The first patient was given the vaccine on Monday, NIH said, and the trial is expected to enroll 45 healthy adult volunteers over the next six weeks.
"Finding a safe and effective vaccine to prevent infection with SARS-CoV-2 is an urgent public health priority," NIAID Director Anthony S. Fauci said in a statement. "This Phase I study, launched in record speed, is an important first step toward achieving that goal."
The vaccine, called mRNA-1273, was developed by NIAID scientists and their collaborators at Moderna, Inc., a biotech firm based in Cambridge, Massachusetts, with support from the Coalition for Epidemic Preparedness Innovations. The newly launched study will evaluate different doses of the experimental vaccine for safety and its ability to induce an immune response in participants.
The trial is the first of multiple steps in the clinical trial process to evaluate the vaccine's potential benefit against COVID-19, the coronavirus that has sickened more than 170,000 people in 127 countries.
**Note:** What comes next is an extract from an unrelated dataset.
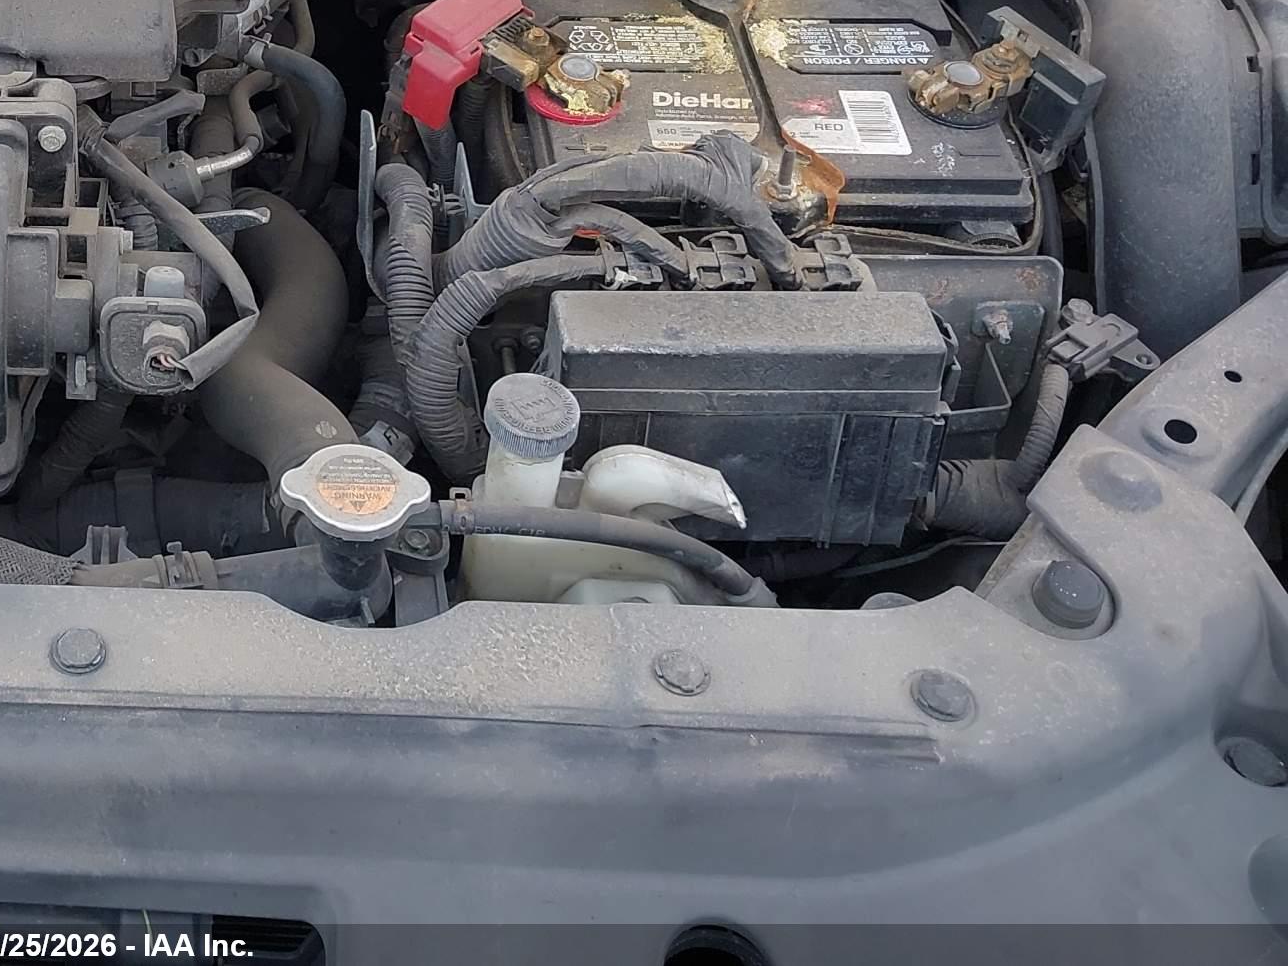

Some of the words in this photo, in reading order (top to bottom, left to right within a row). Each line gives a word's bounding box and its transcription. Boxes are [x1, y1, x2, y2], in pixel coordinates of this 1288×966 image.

[803, 57, 851, 65] POISON
[863, 57, 917, 65] DANGER
[652, 91, 754, 109] DieHar
[815, 123, 844, 131] RED
More than 6,000 have died from the disease since it was first identified in Wuhan, China, in late December.
In the United States, the Seattle area has been hit hardest so far by the global pandemic. Currently, no approved vaccines exist to prevent infection with COVID-19, and there are no proven antivirals to treat it.
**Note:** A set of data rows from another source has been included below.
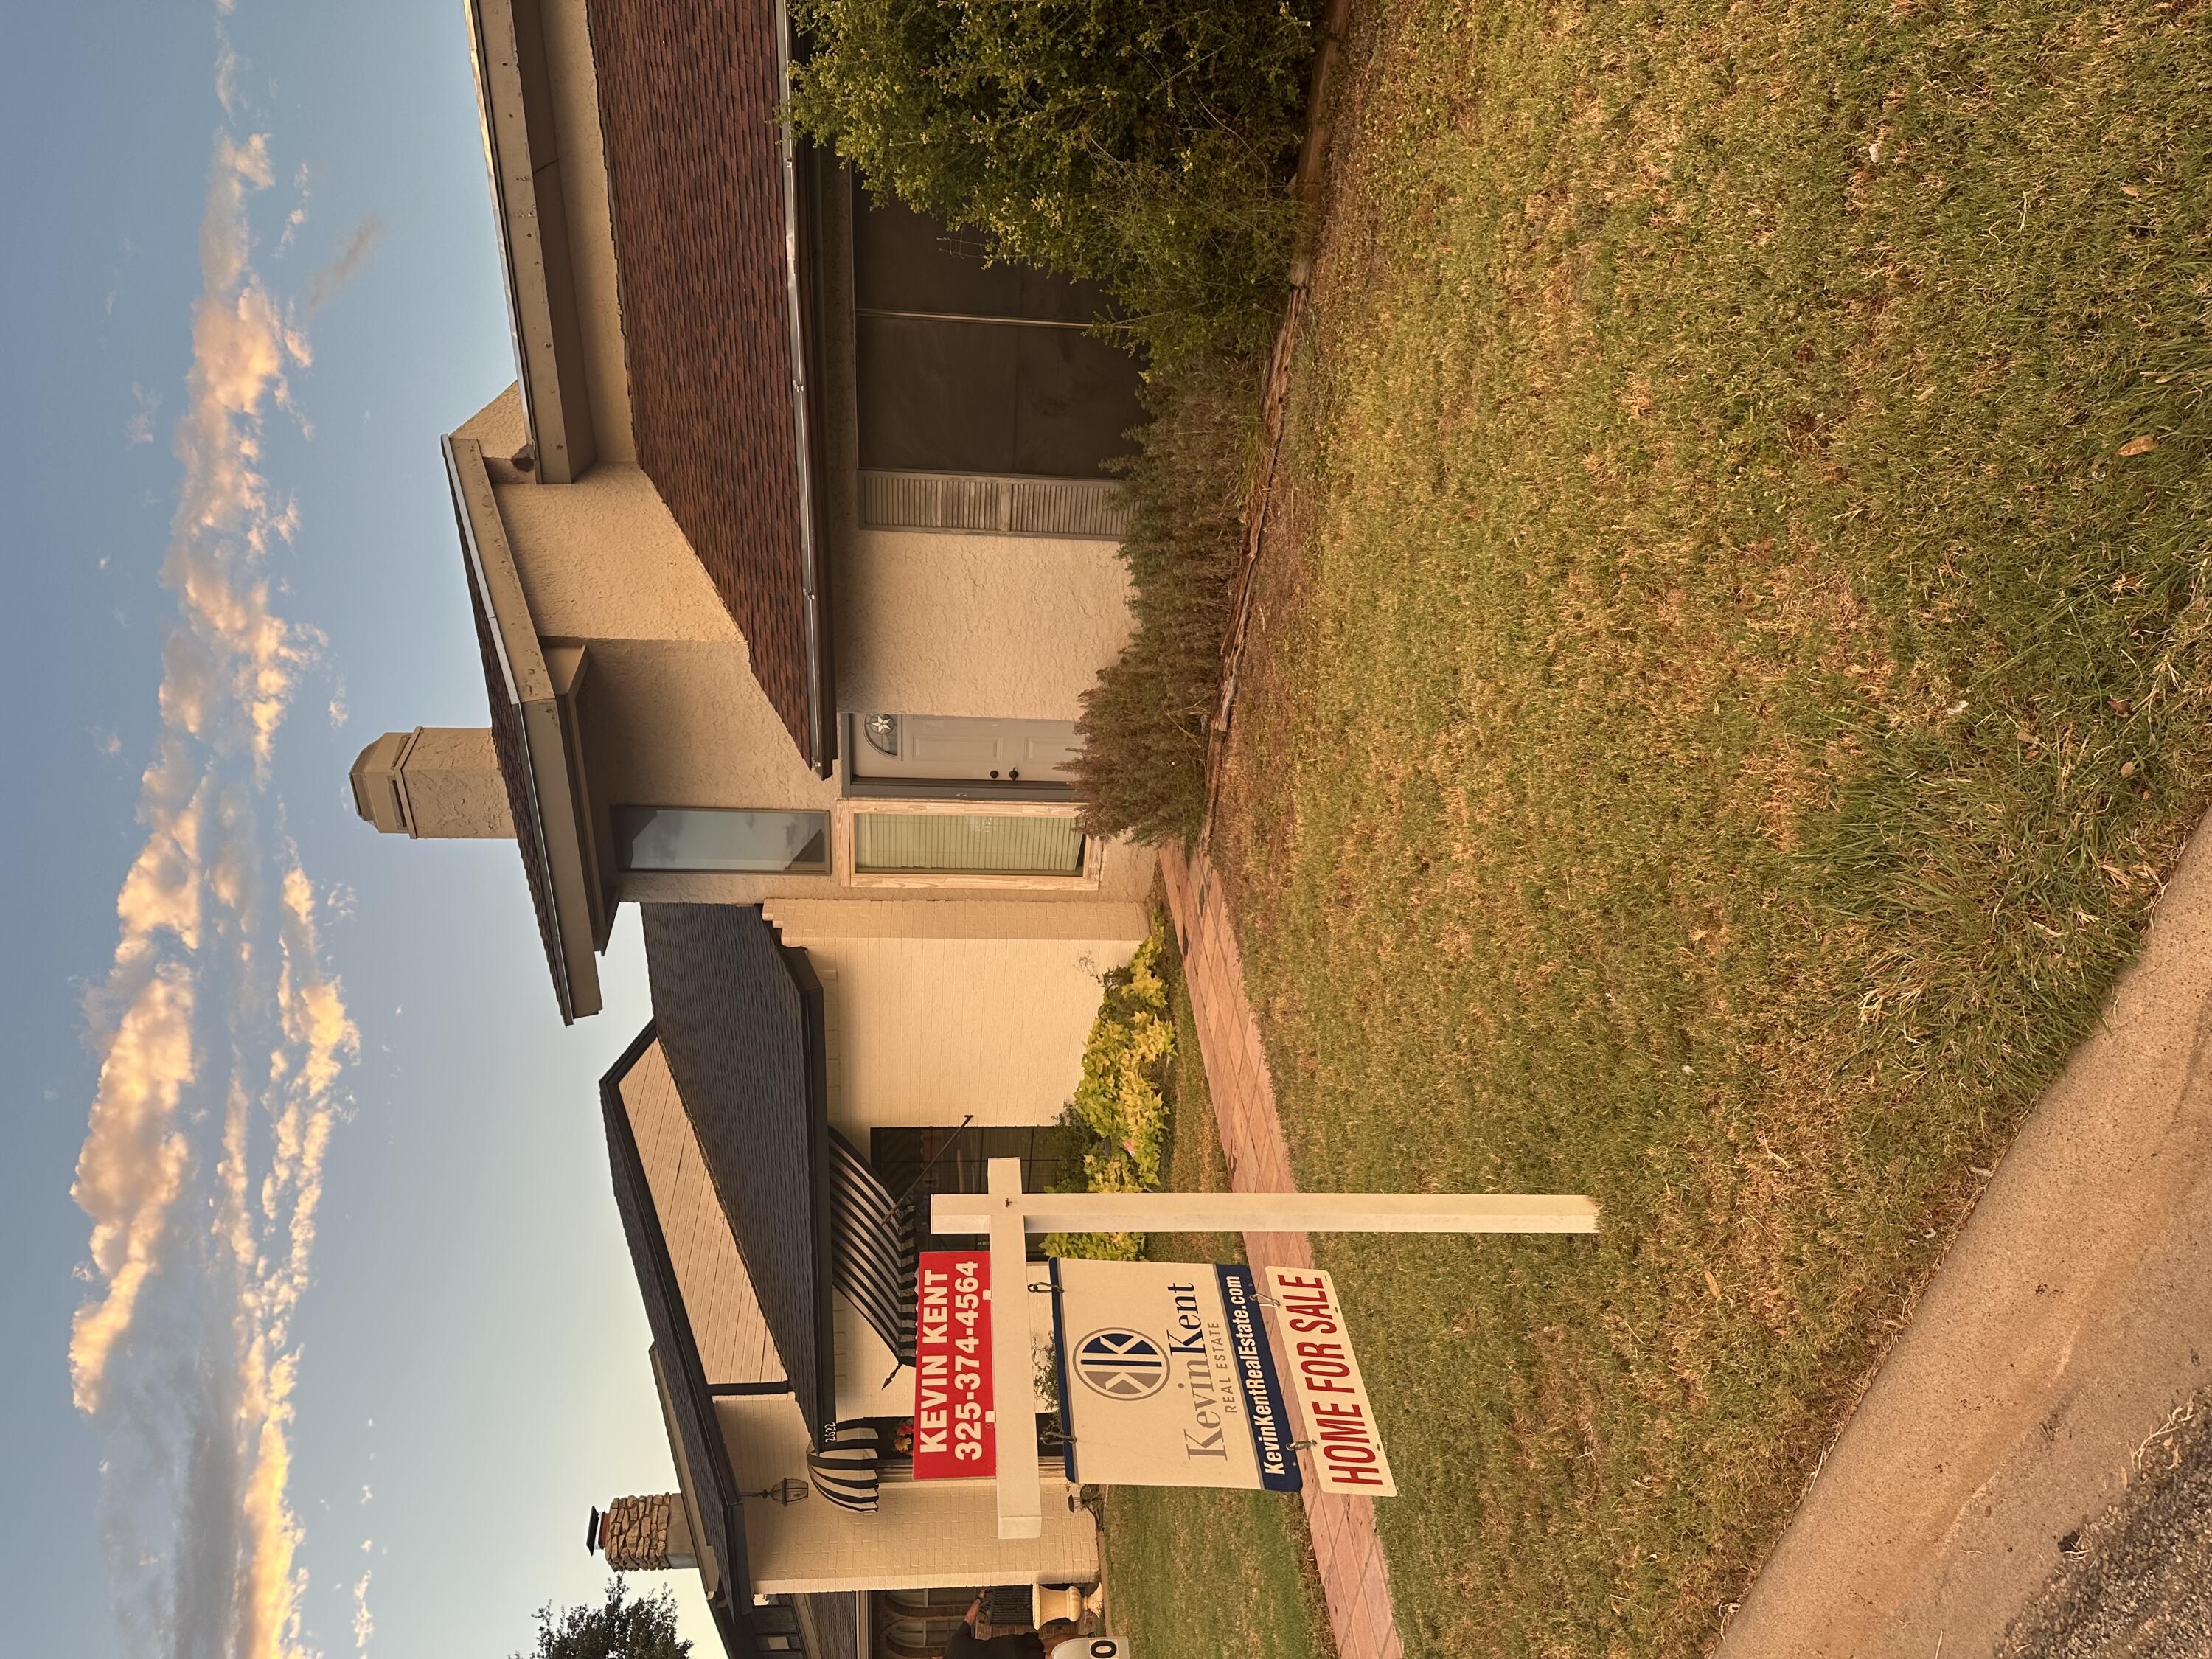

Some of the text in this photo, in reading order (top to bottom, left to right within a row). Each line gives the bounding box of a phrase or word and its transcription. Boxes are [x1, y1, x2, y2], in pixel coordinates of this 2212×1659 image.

[824, 1422, 836, 1442] 2622
[920, 1270, 948, 1453] KEVIN KENT
[955, 1261, 982, 1461] 325-374-4564
[1208, 1322, 1237, 1413] REAL ESTATE
[1225, 1276, 1285, 1475] KevinKentRealEstate.com
[1277, 1275, 1382, 1485] HOME FOR SALE
Scientists at NIAID's Vaccine Research Center and Moderna were able to develop mRNA-1273 because of prior studies of related coronaviruses that cause severe acute respiratory syndrome and Middle East respiratory syndrome. In fact, NIAID and Moderna scientists already were already working on an investigational MERS vaccine, and these efforts gave them a head start for developing a vaccine candidate to protect against COVID-19.
Once the genetic information for the virus became available in January, the scientists selected a sequence to express the stabilized protein of the virus, which binds to human cells, in the existing mRNA platform. To date, the mRNA-1273 vaccine has already shown promise in animal models, but this is the first trial to examine it in humans.
In the study, being led Dr. Lisa A. Jackson, senior investigator at Kaiser Permanente Washington Health Research Institute, participants will receive two doses of the vaccine via intramuscular injection in the upper arm about 28 days apart. Each participant will be assigned to receive a 25 microgram, 100 microgram or 250 microgram dose at both vaccinations, with 15 people in each dose cohort.
Investigators will review safety data before vaccinating the remaining participants in the 25 and 100 microgram dose groups and before participants receive their second vaccinations. Another safety review will be done before participants are enrolled in the 250 microgram cohort.
"This work is critical to national efforts to respond to the threat of this emerging virus," Jackson said in a statement. "We are prepared to conduct this important trial because of our experience as an NIH clinical trials center since 2007."